▸ **TASK INSTRUCTIONS**
Please print every line of the material below exactly.

▸ **THE DATA**
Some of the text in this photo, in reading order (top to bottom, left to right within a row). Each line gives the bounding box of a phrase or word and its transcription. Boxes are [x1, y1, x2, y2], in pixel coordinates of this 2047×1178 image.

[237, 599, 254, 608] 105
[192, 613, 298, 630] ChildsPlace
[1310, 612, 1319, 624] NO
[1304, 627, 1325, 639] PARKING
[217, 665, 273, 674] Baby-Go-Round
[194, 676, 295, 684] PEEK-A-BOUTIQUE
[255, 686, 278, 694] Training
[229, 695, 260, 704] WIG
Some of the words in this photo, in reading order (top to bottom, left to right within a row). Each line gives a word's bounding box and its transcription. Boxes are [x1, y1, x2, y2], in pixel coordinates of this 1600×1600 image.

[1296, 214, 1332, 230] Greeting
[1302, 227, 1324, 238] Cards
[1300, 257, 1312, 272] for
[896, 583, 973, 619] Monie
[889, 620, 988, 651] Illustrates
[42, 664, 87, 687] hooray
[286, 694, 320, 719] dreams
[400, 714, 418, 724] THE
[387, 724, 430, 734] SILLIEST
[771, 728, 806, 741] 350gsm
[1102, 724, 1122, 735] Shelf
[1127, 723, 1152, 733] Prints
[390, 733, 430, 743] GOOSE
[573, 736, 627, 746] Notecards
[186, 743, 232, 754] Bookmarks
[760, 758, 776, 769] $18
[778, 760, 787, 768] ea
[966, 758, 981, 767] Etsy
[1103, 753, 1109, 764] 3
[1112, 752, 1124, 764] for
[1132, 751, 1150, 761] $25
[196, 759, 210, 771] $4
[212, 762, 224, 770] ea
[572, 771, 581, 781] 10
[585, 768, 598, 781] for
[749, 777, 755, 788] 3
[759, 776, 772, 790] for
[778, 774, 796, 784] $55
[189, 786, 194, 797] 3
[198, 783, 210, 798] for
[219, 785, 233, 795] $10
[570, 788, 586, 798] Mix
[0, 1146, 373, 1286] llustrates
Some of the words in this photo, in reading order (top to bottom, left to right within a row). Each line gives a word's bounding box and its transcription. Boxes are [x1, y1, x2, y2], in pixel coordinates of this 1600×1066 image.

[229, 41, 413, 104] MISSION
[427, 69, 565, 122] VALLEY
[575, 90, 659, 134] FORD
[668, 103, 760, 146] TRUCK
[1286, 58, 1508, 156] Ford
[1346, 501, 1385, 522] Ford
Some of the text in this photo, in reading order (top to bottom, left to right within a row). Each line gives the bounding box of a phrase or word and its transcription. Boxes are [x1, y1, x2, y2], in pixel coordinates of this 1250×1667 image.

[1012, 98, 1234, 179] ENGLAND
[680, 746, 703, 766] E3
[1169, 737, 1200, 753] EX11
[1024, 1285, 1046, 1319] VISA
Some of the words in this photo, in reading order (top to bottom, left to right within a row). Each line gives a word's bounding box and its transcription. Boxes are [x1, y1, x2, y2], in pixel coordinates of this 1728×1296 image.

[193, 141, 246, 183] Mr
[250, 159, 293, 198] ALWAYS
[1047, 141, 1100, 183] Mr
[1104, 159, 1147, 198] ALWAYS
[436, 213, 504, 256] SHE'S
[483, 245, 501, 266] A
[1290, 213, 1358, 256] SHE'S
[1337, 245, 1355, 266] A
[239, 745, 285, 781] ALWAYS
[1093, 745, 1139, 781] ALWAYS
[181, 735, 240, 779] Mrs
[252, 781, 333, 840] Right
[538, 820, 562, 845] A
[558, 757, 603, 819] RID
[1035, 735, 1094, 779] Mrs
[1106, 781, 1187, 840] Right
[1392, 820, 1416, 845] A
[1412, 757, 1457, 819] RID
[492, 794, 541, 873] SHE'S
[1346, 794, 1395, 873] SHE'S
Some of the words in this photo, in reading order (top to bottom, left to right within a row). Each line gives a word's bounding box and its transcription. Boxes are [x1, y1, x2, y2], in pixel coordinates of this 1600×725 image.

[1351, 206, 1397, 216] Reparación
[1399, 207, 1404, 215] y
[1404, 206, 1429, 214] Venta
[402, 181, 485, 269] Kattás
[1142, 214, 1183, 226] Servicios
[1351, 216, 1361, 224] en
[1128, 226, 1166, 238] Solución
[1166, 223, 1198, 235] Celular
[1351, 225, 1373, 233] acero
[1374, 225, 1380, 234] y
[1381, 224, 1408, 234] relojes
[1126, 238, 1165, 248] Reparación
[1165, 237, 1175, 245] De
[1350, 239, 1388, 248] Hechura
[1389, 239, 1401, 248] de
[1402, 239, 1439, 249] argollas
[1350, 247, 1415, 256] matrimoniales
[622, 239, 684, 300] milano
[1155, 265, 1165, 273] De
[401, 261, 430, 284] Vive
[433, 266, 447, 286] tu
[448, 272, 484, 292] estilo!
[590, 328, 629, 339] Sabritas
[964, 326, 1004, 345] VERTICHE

▸ **THE COMPLETED TASK**
Some of the text in this photo, in reading order (top to bottom, left to right within a row). Each line gives the bounding box of a phrase or word and its transcription. Boxes are [x1, y1, x2, y2], in pixel coordinates of this 2047×1178 image.

[237, 599, 254, 608] 105
[192, 613, 298, 630] ChildsPlace
[1310, 612, 1319, 624] NO
[1304, 627, 1325, 639] PARKING
[217, 665, 273, 674] Baby-Go-Round
[194, 676, 295, 684] PEEK-A-BOUTIQUE
[255, 686, 278, 694] Training
[229, 695, 260, 704] WIG
Some of the words in this photo, in reading order (top to bottom, left to right within a row). Each line gives a word's bounding box and its transcription. Boxes are [x1, y1, x2, y2], in pixel coordinates of this 1600×1600 image.

[1296, 214, 1332, 230] Greeting
[1302, 227, 1324, 238] Cards
[1300, 257, 1312, 272] for
[896, 583, 973, 619] Monie
[889, 620, 988, 651] Illustrates
[42, 664, 87, 687] hooray
[286, 694, 320, 719] dreams
[400, 714, 418, 724] THE
[387, 724, 430, 734] SILLIEST
[771, 728, 806, 741] 350gsm
[1102, 724, 1122, 735] Shelf
[1127, 723, 1152, 733] Prints
[390, 733, 430, 743] GOOSE
[573, 736, 627, 746] Notecards
[186, 743, 232, 754] Bookmarks
[760, 758, 776, 769] $18
[778, 760, 787, 768] ea
[966, 758, 981, 767] Etsy
[1103, 753, 1109, 764] 3
[1112, 752, 1124, 764] for
[1132, 751, 1150, 761] $25
[196, 759, 210, 771] $4
[212, 762, 224, 770] ea
[572, 771, 581, 781] 10
[585, 768, 598, 781] for
[749, 777, 755, 788] 3
[759, 776, 772, 790] for
[778, 774, 796, 784] $55
[189, 786, 194, 797] 3
[198, 783, 210, 798] for
[219, 785, 233, 795] $10
[570, 788, 586, 798] Mix
[0, 1146, 373, 1286] llustrates
Some of the words in this photo, in reading order (top to bottom, left to right within a row). Each line gives a word's bounding box and its transcription. Boxes are [x1, y1, x2, y2], in pixel coordinates of this 1600×1066 image.

[229, 41, 413, 104] MISSION
[427, 69, 565, 122] VALLEY
[575, 90, 659, 134] FORD
[668, 103, 760, 146] TRUCK
[1286, 58, 1508, 156] Ford
[1346, 501, 1385, 522] Ford
Some of the text in this photo, in reading order (top to bottom, left to right within a row). Each line gives the bounding box of a phrase or word and its transcription. Boxes are [x1, y1, x2, y2], in pixel coordinates of this 1250×1667 image.

[1012, 98, 1234, 179] ENGLAND
[680, 746, 703, 766] E3
[1169, 737, 1200, 753] EX11
[1024, 1285, 1046, 1319] VISA
Some of the words in this photo, in reading order (top to bottom, left to right within a row). Each line gives a word's bounding box and its transcription. Boxes are [x1, y1, x2, y2], in pixel coordinates of this 1728×1296 image.

[193, 141, 246, 183] Mr
[250, 159, 293, 198] ALWAYS
[1047, 141, 1100, 183] Mr
[1104, 159, 1147, 198] ALWAYS
[436, 213, 504, 256] SHE'S
[483, 245, 501, 266] A
[1290, 213, 1358, 256] SHE'S
[1337, 245, 1355, 266] A
[239, 745, 285, 781] ALWAYS
[1093, 745, 1139, 781] ALWAYS
[181, 735, 240, 779] Mrs
[252, 781, 333, 840] Right
[538, 820, 562, 845] A
[558, 757, 603, 819] RID
[1035, 735, 1094, 779] Mrs
[1106, 781, 1187, 840] Right
[1392, 820, 1416, 845] A
[1412, 757, 1457, 819] RID
[492, 794, 541, 873] SHE'S
[1346, 794, 1395, 873] SHE'S
Some of the words in this photo, in reading order (top to bottom, left to right within a row). Each line gives a word's bounding box and its transcription. Boxes are [x1, y1, x2, y2], in pixel coordinates of this 1600×725 image.

[1351, 206, 1397, 216] Reparación
[1399, 207, 1404, 215] y
[1404, 206, 1429, 214] Venta
[402, 181, 485, 269] Kattás
[1142, 214, 1183, 226] Servicios
[1351, 216, 1361, 224] en
[1128, 226, 1166, 238] Solución
[1166, 223, 1198, 235] Celular
[1351, 225, 1373, 233] acero
[1374, 225, 1380, 234] y
[1381, 224, 1408, 234] relojes
[1126, 238, 1165, 248] Reparación
[1165, 237, 1175, 245] De
[1350, 239, 1388, 248] Hechura
[1389, 239, 1401, 248] de
[1402, 239, 1439, 249] argollas
[1350, 247, 1415, 256] matrimoniales
[622, 239, 684, 300] milano
[1155, 265, 1165, 273] De
[401, 261, 430, 284] Vive
[433, 266, 447, 286] tu
[448, 272, 484, 292] estilo!
[590, 328, 629, 339] Sabritas
[964, 326, 1004, 345] VERTICHE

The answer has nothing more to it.